On 4/23/07, Travis Oliphant <oliphant.travis at ieee.org> wrote:
>
> Christian Marquardt wrote:
> > Hello,
> >
> > The following is what I expected...
> >
> >    >>> y = 1234
> >    >>> x = array([1], dtype = "uint64")
> >    >>> print x + y, (x + y).dtype.type
> >    [1235] <type 'numpy.uint64'>
> >
> >
>
> This is "what you expect" only because y is a scalar and cannot
> determine the "kind" of the output.
>
> > but is this the way it should be? (numpy 1.0.2, Linux, Intel comilers)
> >
> >    >>> print x[0] + y, type(x[0] + y)
> >    1235.0 <type 'numpy.float64'>
> >
>
> This is correct (sort of) because in a mixed operation between uint64
> and int32, because there is no int128, the sum must be placed in a
> float.  In reality it should be a long-double float but it was decided
> not to perpetuate long double floats like this because then on 64-bit
> platforms they would be showing up everywhere.

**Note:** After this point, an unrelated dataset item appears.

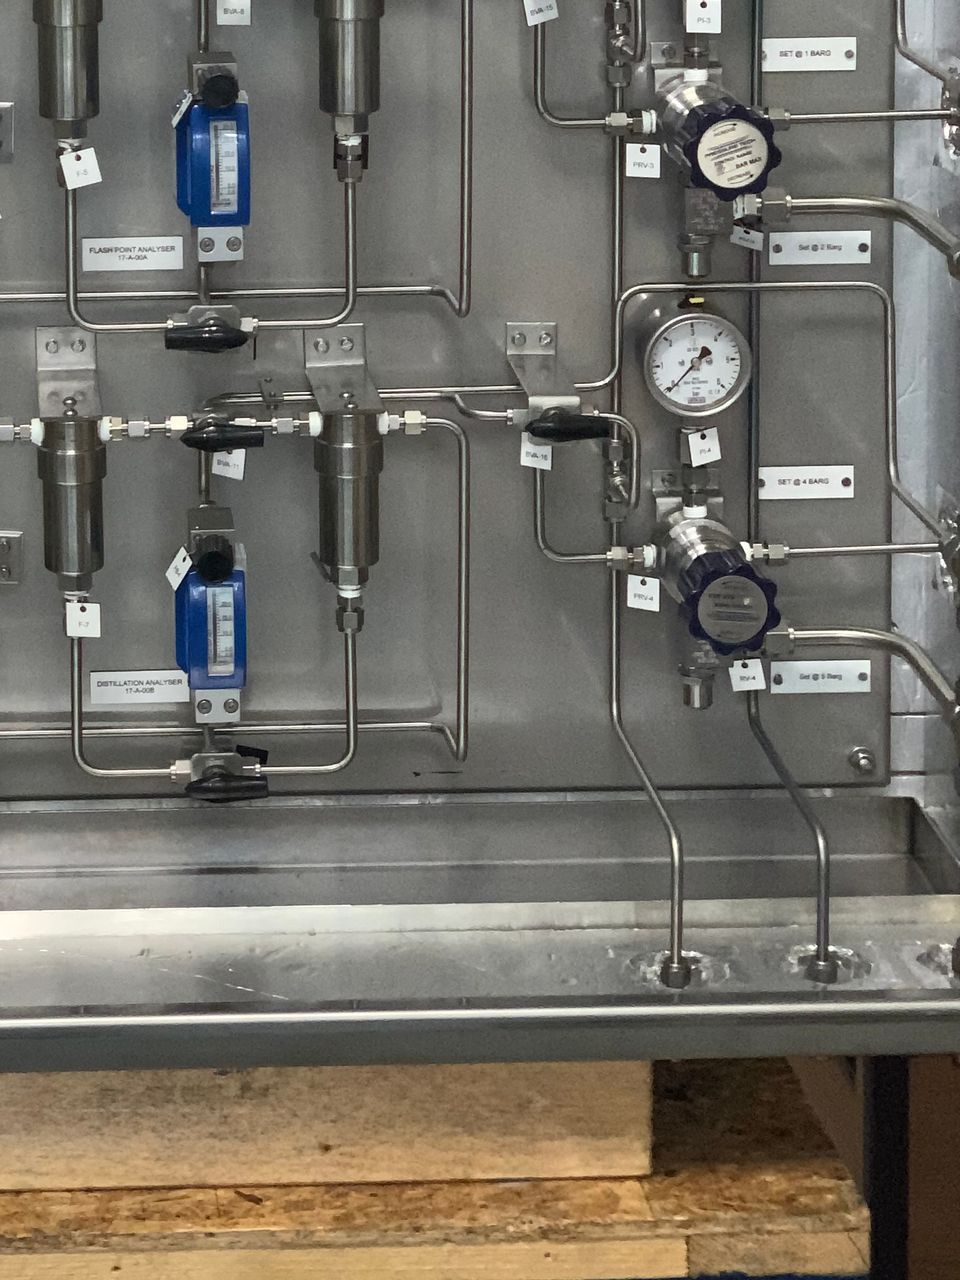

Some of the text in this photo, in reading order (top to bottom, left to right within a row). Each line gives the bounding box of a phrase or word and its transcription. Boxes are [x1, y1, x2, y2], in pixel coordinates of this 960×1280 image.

I wonder if returning int64 wouldn't be better in this case. It has more
precision than a double and has the advantage of being an integer. True,
uint64s with the msb set would be wrongly interpreted, but... Or maybe throw
an error when mixing the two, since really the result can't be relied on. If
the latter, it would still be nice have an interpretation for python
integers, so just interpret them as uint64 (I believe a C type cast does
this) and just add using the usual modular arithmetic. This still allows
incrementing and decrementing. For instance, using uint2 as an example,

3 - 1 == 3 + (-1) == 0x11 + 0x11 == 0x10 == 2

I think this makes the most sense, after all, subtraction is defined for
uints and we already use modular arithmetic. I admit some strange results
can show up, but no stranger than treating the integers as floats having 51
bit precision. I suppose we could raise an error on integer overflow, but
that isn't how we have done things with the other integers.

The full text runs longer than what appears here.